-- Opening Marker --

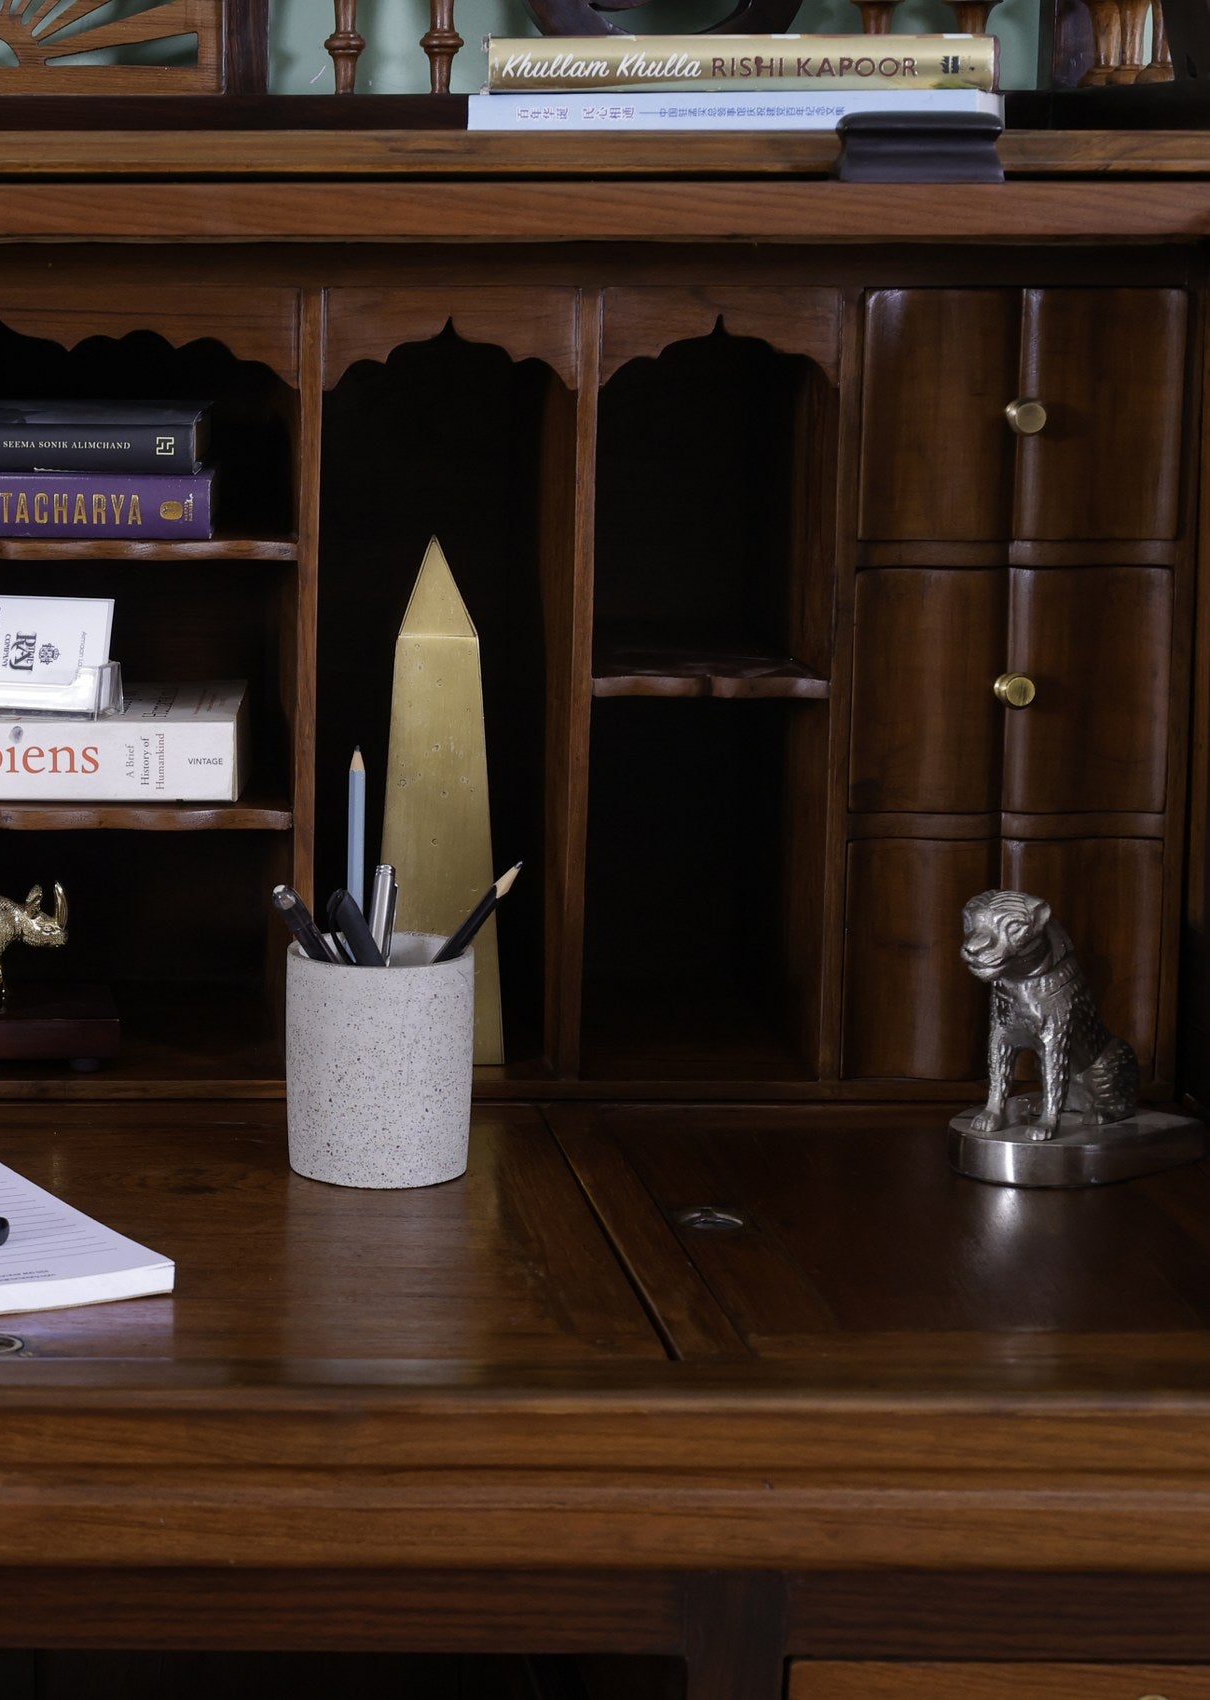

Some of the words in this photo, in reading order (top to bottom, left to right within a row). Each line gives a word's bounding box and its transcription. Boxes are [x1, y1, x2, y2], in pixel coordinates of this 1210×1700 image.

[502, 52, 609, 79] Khullam
[616, 52, 702, 79] Khulla
[711, 57, 785, 78] RISHI
[796, 57, 919, 78] KAPOOR
[518, 107, 568, 120] 百年华诞
[2, 440, 36, 449] SEEMA
[38, 440, 68, 450] SONIK
[71, 440, 131, 450] ALIMCHAND
[1, 633, 11, 668] COMPANY
[10, 631, 37, 672] RAJ
[141, 736, 149, 748] of
[125, 743, 134, 768] Brief
[156, 733, 165, 790] Humankind
[187, 757, 223, 766] VINTAGE
[125, 770, 134, 779] A
[141, 751, 152, 786] History
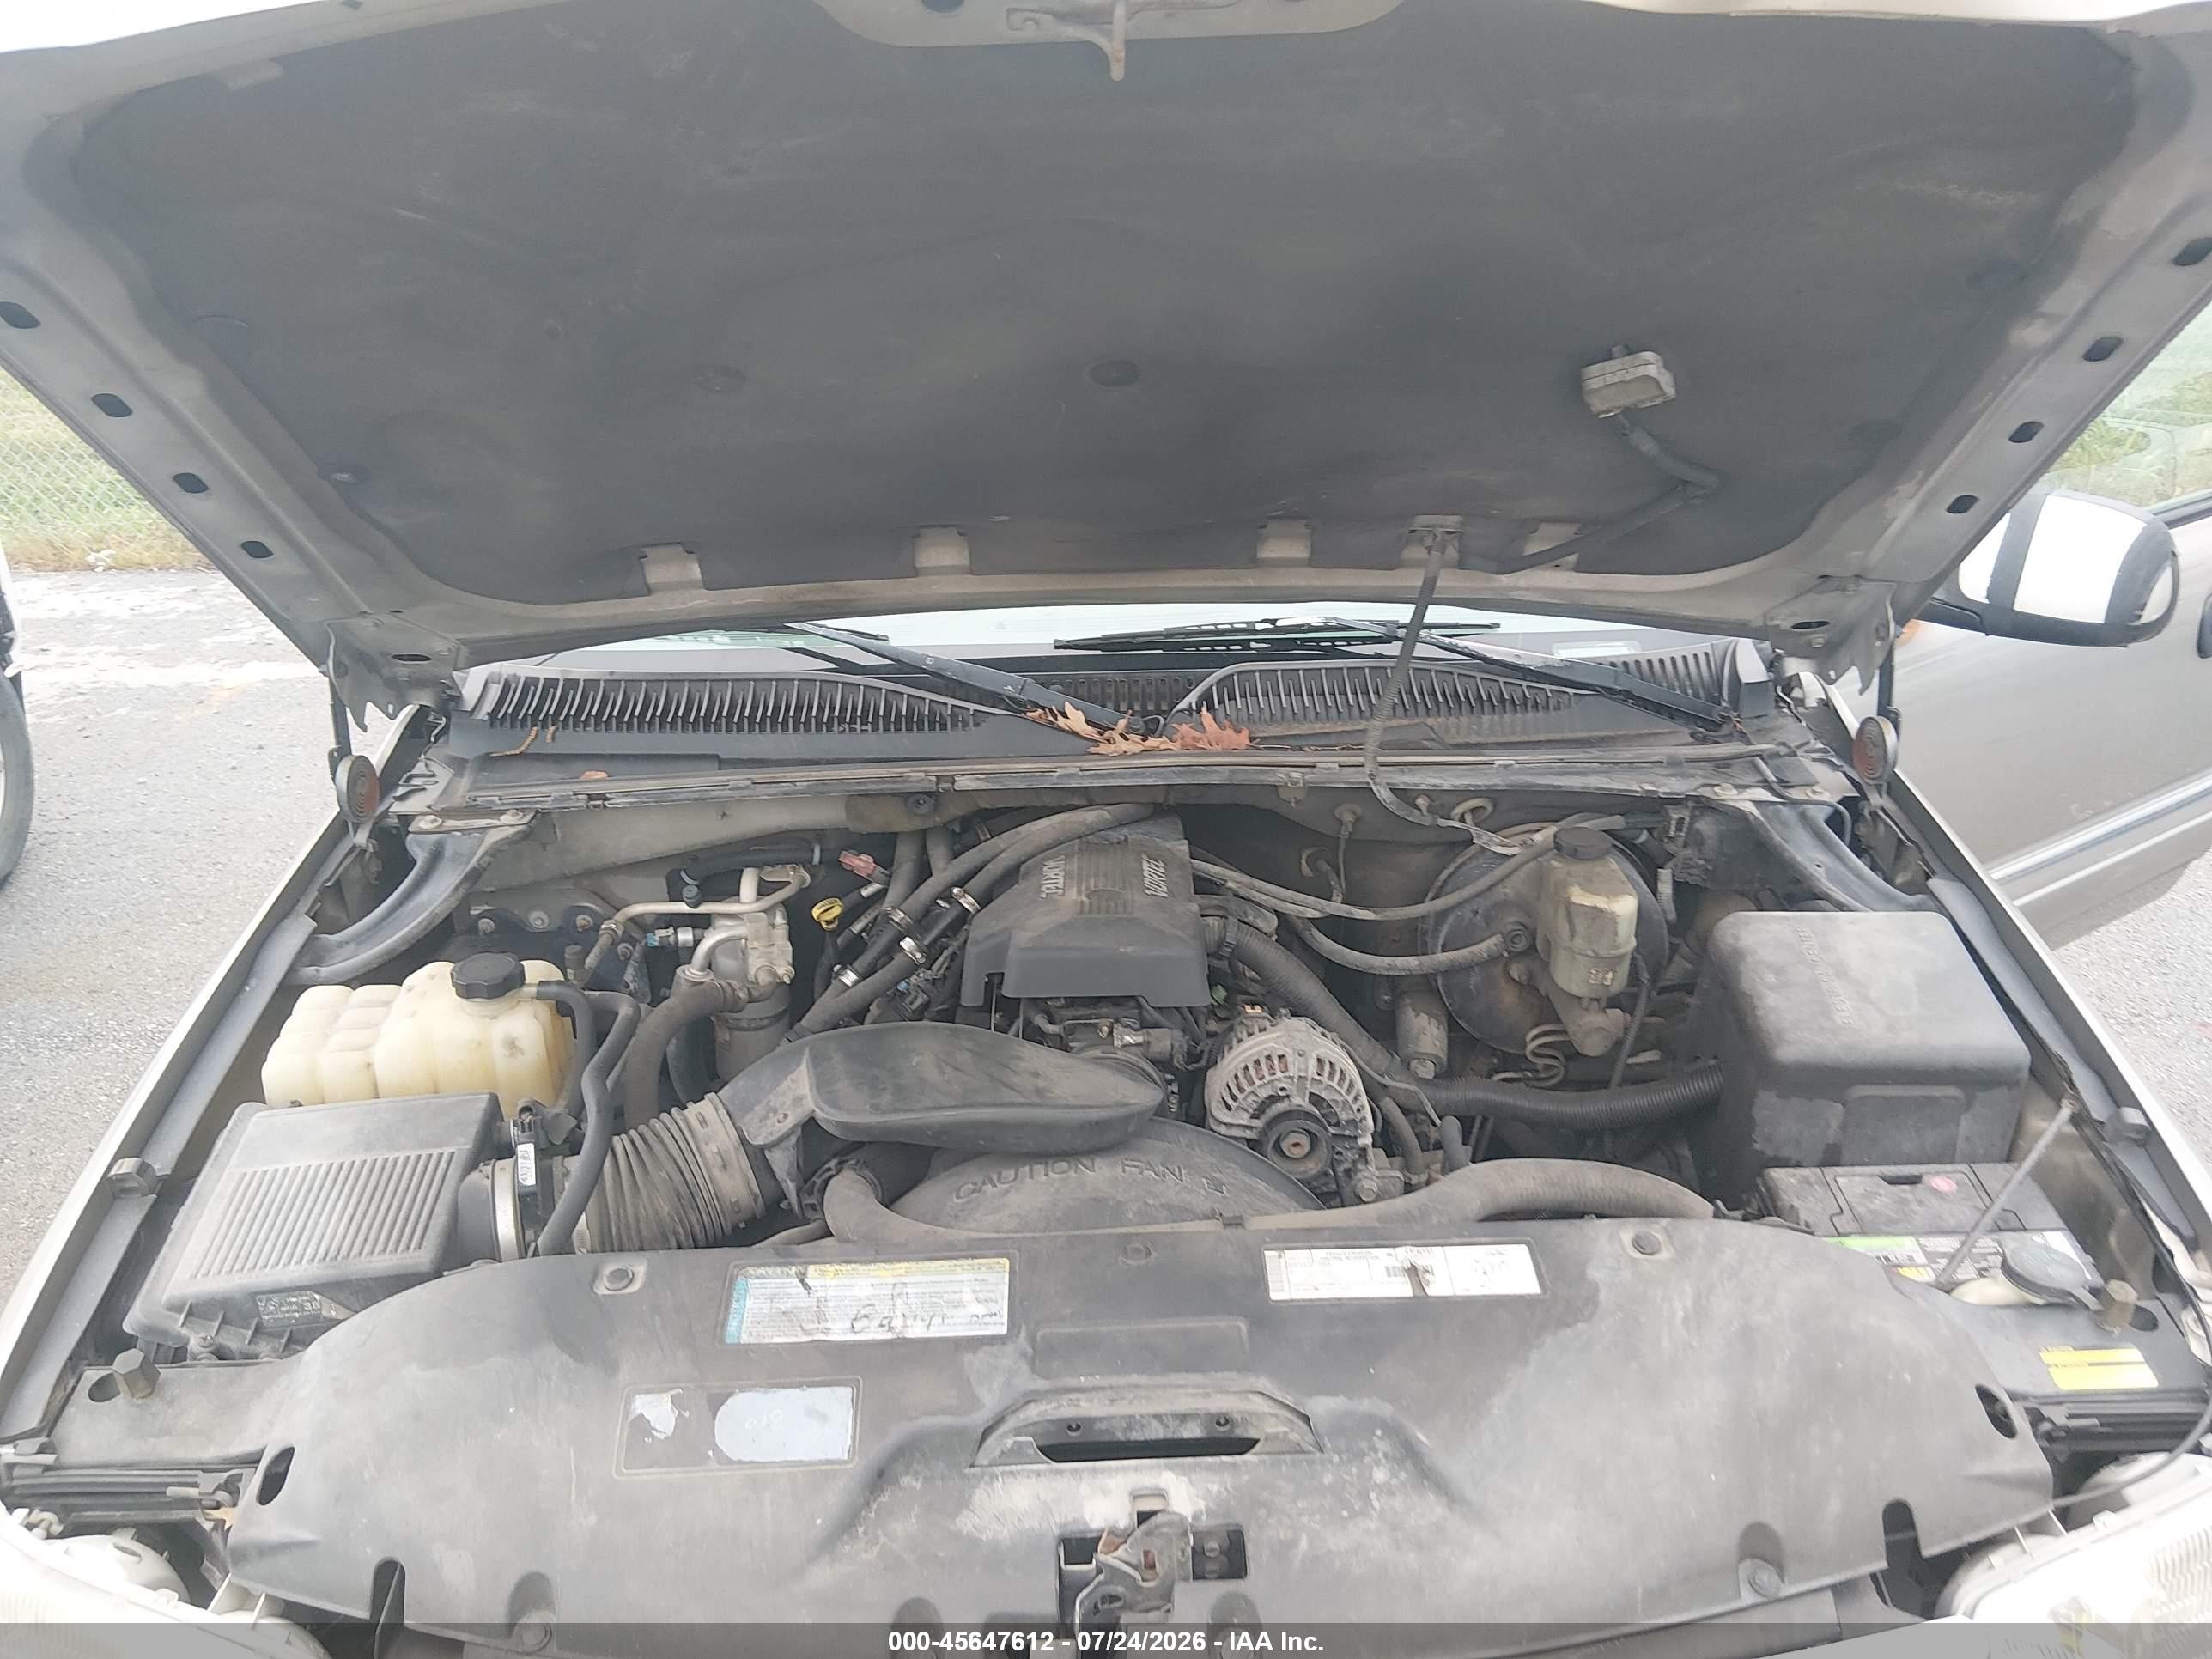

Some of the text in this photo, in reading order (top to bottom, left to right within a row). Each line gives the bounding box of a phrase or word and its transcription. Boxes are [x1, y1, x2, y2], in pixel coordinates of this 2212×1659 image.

[1039, 854, 1066, 899] VORTEC
[1140, 853, 1169, 898] VORTEC
[953, 1158, 1185, 1201] CAUTION FAN
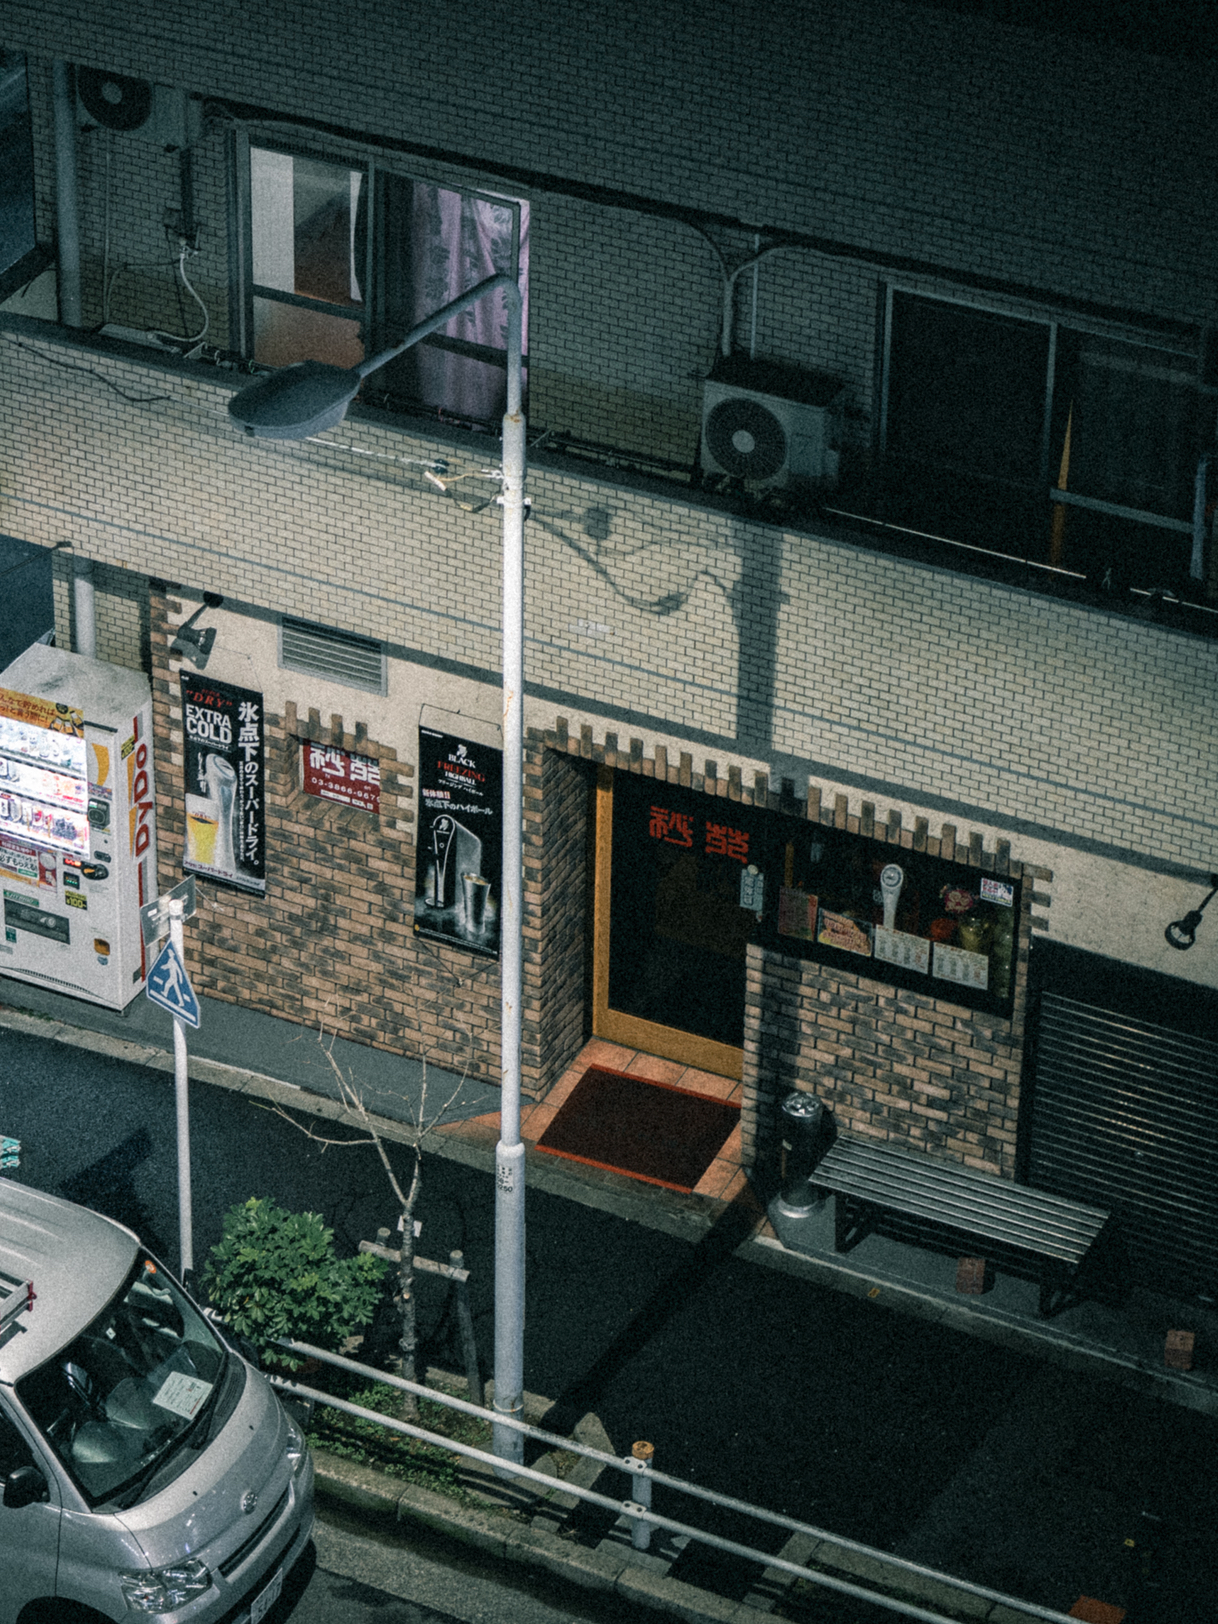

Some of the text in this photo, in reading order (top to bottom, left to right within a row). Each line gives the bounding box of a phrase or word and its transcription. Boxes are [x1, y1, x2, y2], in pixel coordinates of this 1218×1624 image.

[185, 703, 232, 730] EXTRA
[186, 716, 232, 744] COLD
[437, 760, 486, 782] FREEZING
[448, 753, 477, 769] BLACK
[238, 701, 261, 866] 氷点下のスーパードライ。
[444, 770, 477, 786] HIGHBALL
[425, 798, 493, 816] 氷点下のハイボール

-- Closing Marker --

TASK PROMPT:
A verbatim reproduction of each entry is expected, with every picture omitted.

OUTPUT OF THE EXERCISE:
Some of the words in this photo, in reading order (top to bottom, left to right within a row). Each line gives a word's bounding box and its transcription. Boxes are [x1, y1, x2, y2], in pixel coordinates of this 1210×1700 image.

[502, 52, 609, 79] Khullam
[616, 52, 702, 79] Khulla
[711, 57, 785, 78] RISHI
[796, 57, 919, 78] KAPOOR
[518, 107, 568, 120] 百年华诞
[2, 440, 36, 449] SEEMA
[38, 440, 68, 450] SONIK
[71, 440, 131, 450] ALIMCHAND
[1, 633, 11, 668] COMPANY
[10, 631, 37, 672] RAJ
[141, 736, 149, 748] of
[125, 743, 134, 768] Brief
[156, 733, 165, 790] Humankind
[187, 757, 223, 766] VINTAGE
[125, 770, 134, 779] A
[141, 751, 152, 786] History

Some of the text in this photo, in reading order (top to bottom, left to right within a row). Each line gives the bounding box of a phrase or word and its transcription. Boxes are [x1, y1, x2, y2], in pixel coordinates of this 2212×1659 image.

[1039, 854, 1066, 899] VORTEC
[1140, 853, 1169, 898] VORTEC
[953, 1158, 1185, 1201] CAUTION FAN

Some of the text in this photo, in reading order (top to bottom, left to right within a row). Each line gives the bounding box of a phrase or word and its transcription. Boxes are [x1, y1, x2, y2], in pixel coordinates of this 1218×1624 image.

[185, 703, 232, 730] EXTRA
[186, 716, 232, 744] COLD
[437, 760, 486, 782] FREEZING
[448, 753, 477, 769] BLACK
[238, 701, 261, 866] 氷点下のスーパードライ。
[444, 770, 477, 786] HIGHBALL
[425, 798, 493, 816] 氷点下のハイボール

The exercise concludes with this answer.